As I do every day, on March 18th I received a breaking news email from Inside Radio. To me, the three headline stories for the day pretty much sum up the entire state of the radio industry right now. I have discussed my thoughts on all three in depth in other Seeking Alpha commentary, but they definitely fall into the categories of the Good, the Bad and the Ugly.
Radio is not dead. It is still extremely relevant in the lives of most Americans, and targets highly desirable audiences for advertisers:
Radio's weekly audience: 235 million.
Forget fragmentation, radio still reaches 78% of the total U.S. population. The medium does even better among key advertiser demographic groups. Arbitron's (ARB) RADAR 96 report shows 95% of adults age 18-49 with a college degree and an annual household income of $50,000 or above, tune into radio over the course of a week. Among ethnic groups, radio reaches 95% of Hispanics and 94% of African-Americans.
Overall revenue growth continues to be negative year over year, though this loss is much better than previous months and new revenue streams from interactive efforts seem to be paying off industry-wide.
Revenue down 2% in February.
The RAB/Miller Kaplan monthly tally of radio revenues shows a smaller decline last month than in January. Local revenues were down 4% and national was off 1%. Where's money being made? Off-air. Non-spot revenues surged ahead 17% in February.

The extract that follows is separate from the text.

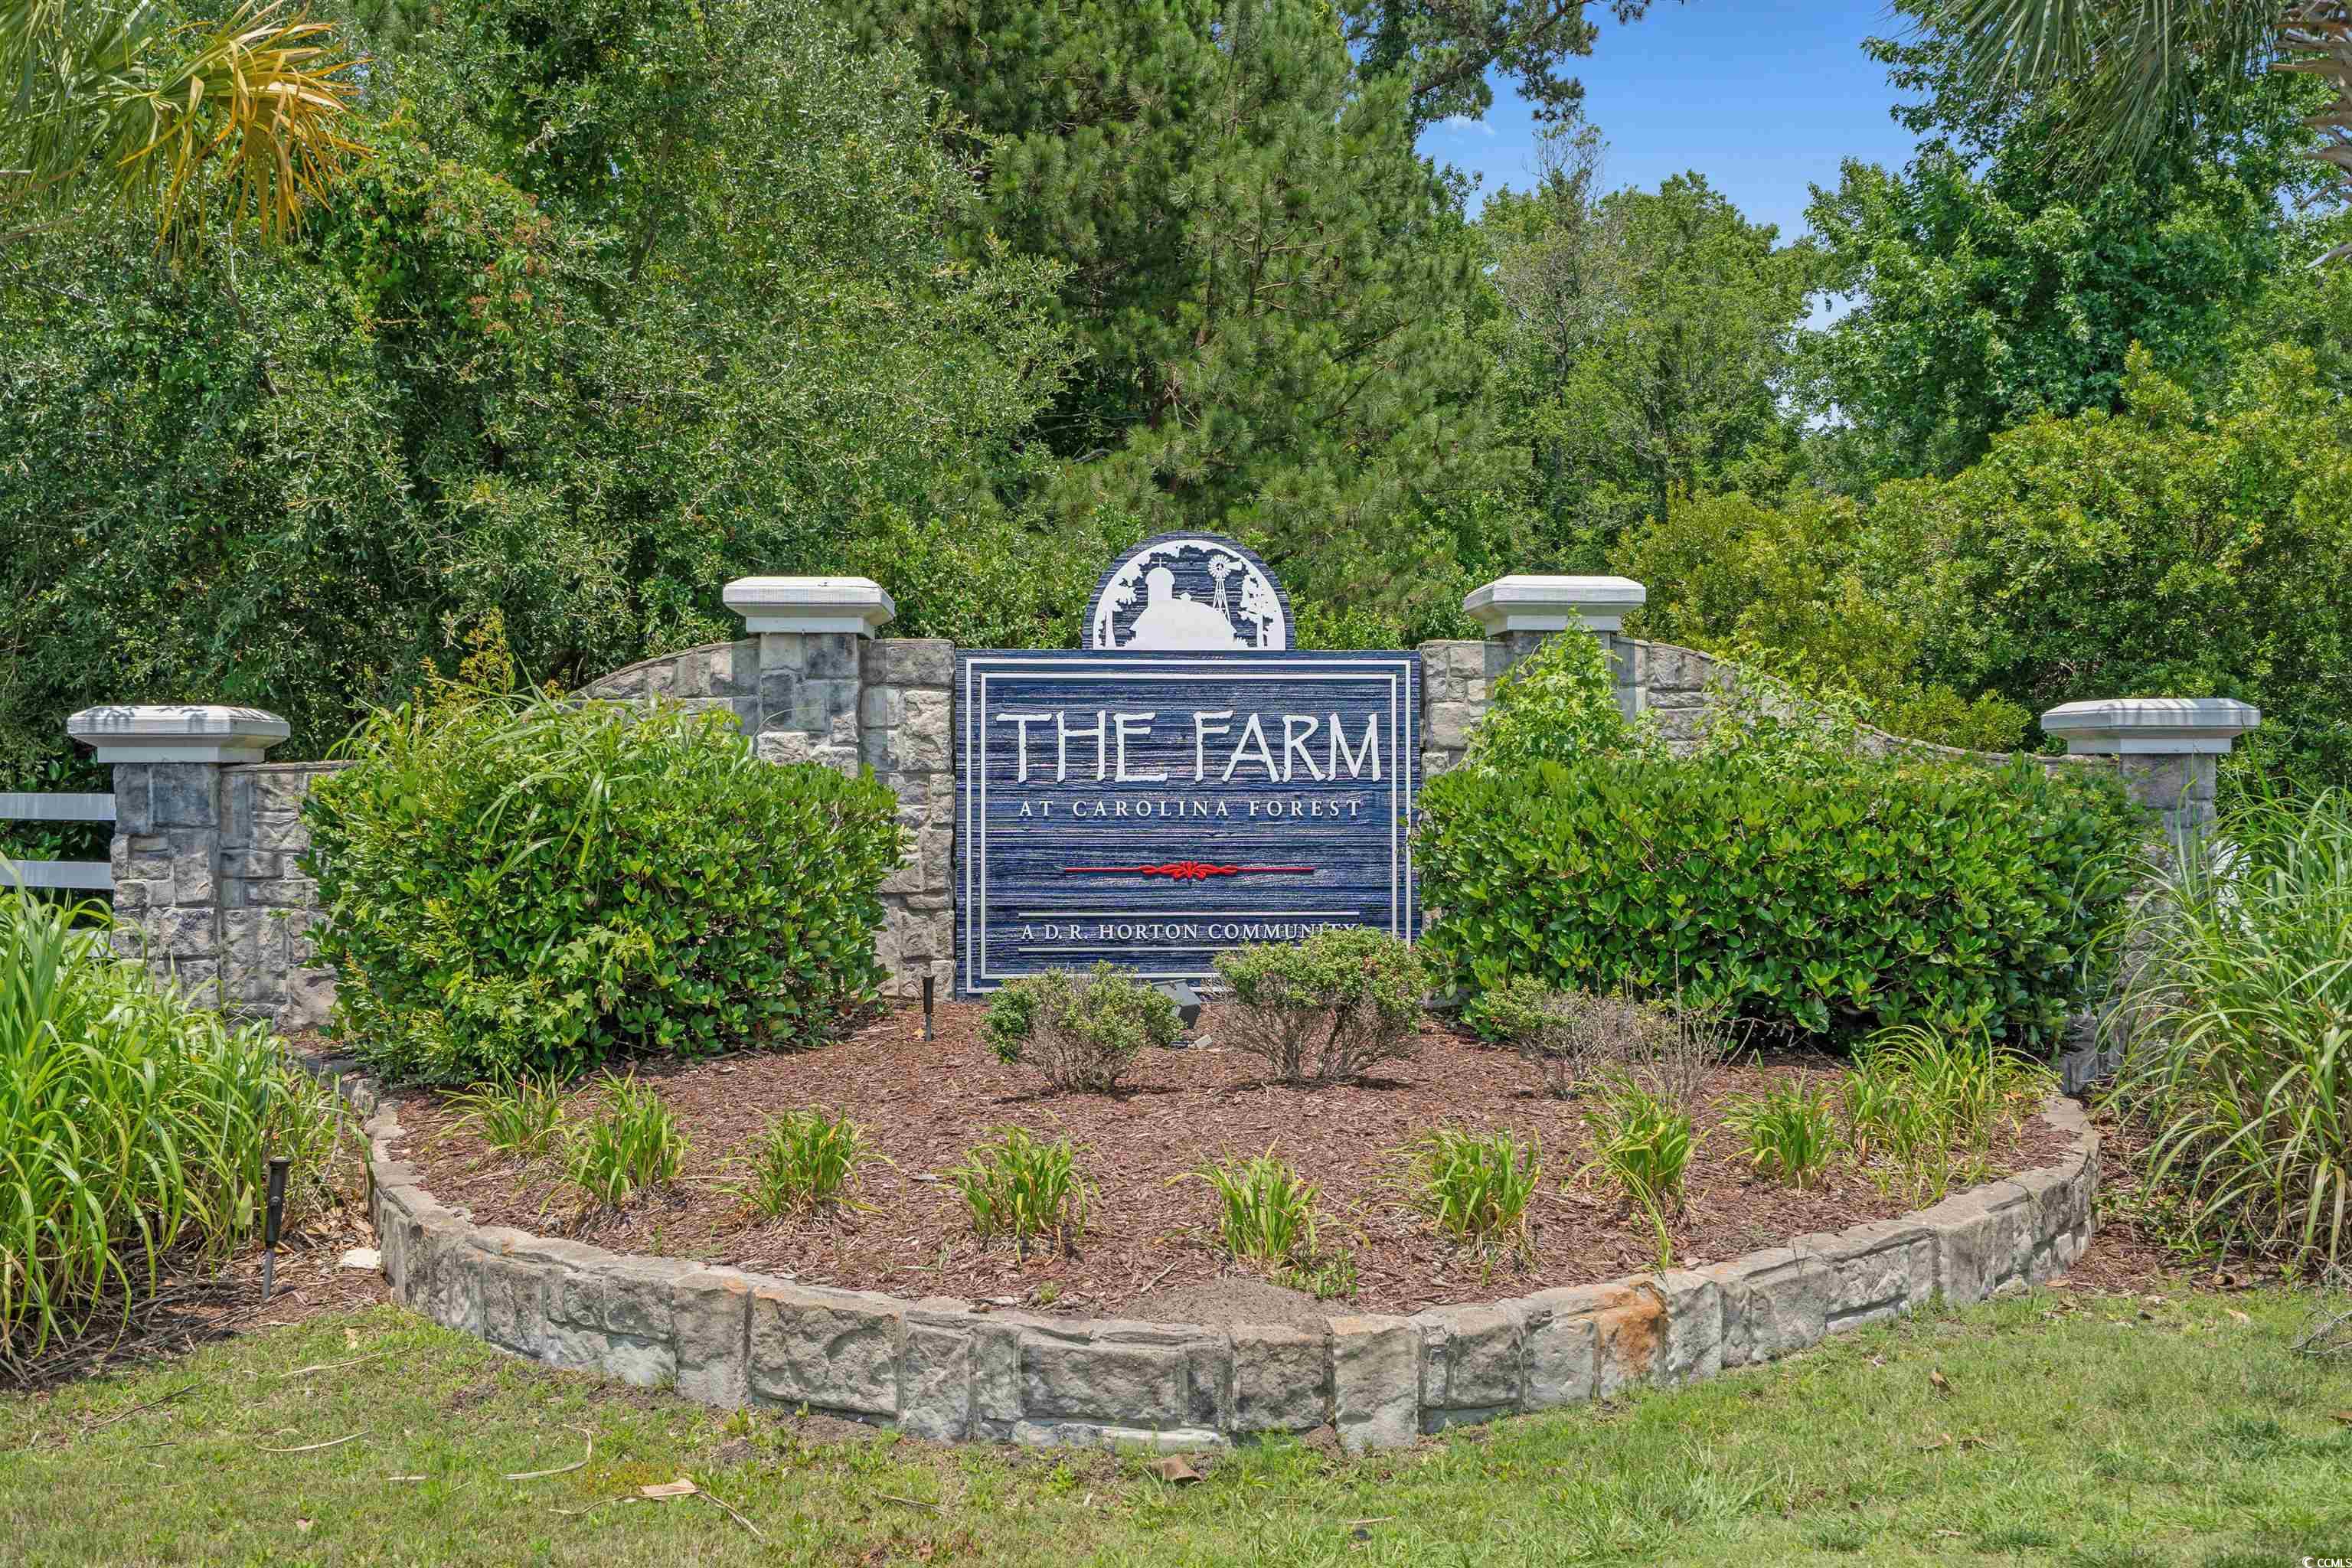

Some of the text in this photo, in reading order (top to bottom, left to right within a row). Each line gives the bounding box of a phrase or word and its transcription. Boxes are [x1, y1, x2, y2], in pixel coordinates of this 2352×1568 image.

There are simply too many radio licenses that have been issued by the FCC creating much more supply than the industry can support. This creates too many bottom feeders in the marketplace that drag down advertising rates for everyone else.
Record number of licensed stations.
The FCC reports the total number of licensed radio stations has risen to 13,977 - the highest number ever. Today's count is nearly 1,200 above the number of licensed stations a decade ago. The current total includes 6,309 commercial FMs and 4,776 AM stations. Not part of the count is the 831 licensed low-power FMs.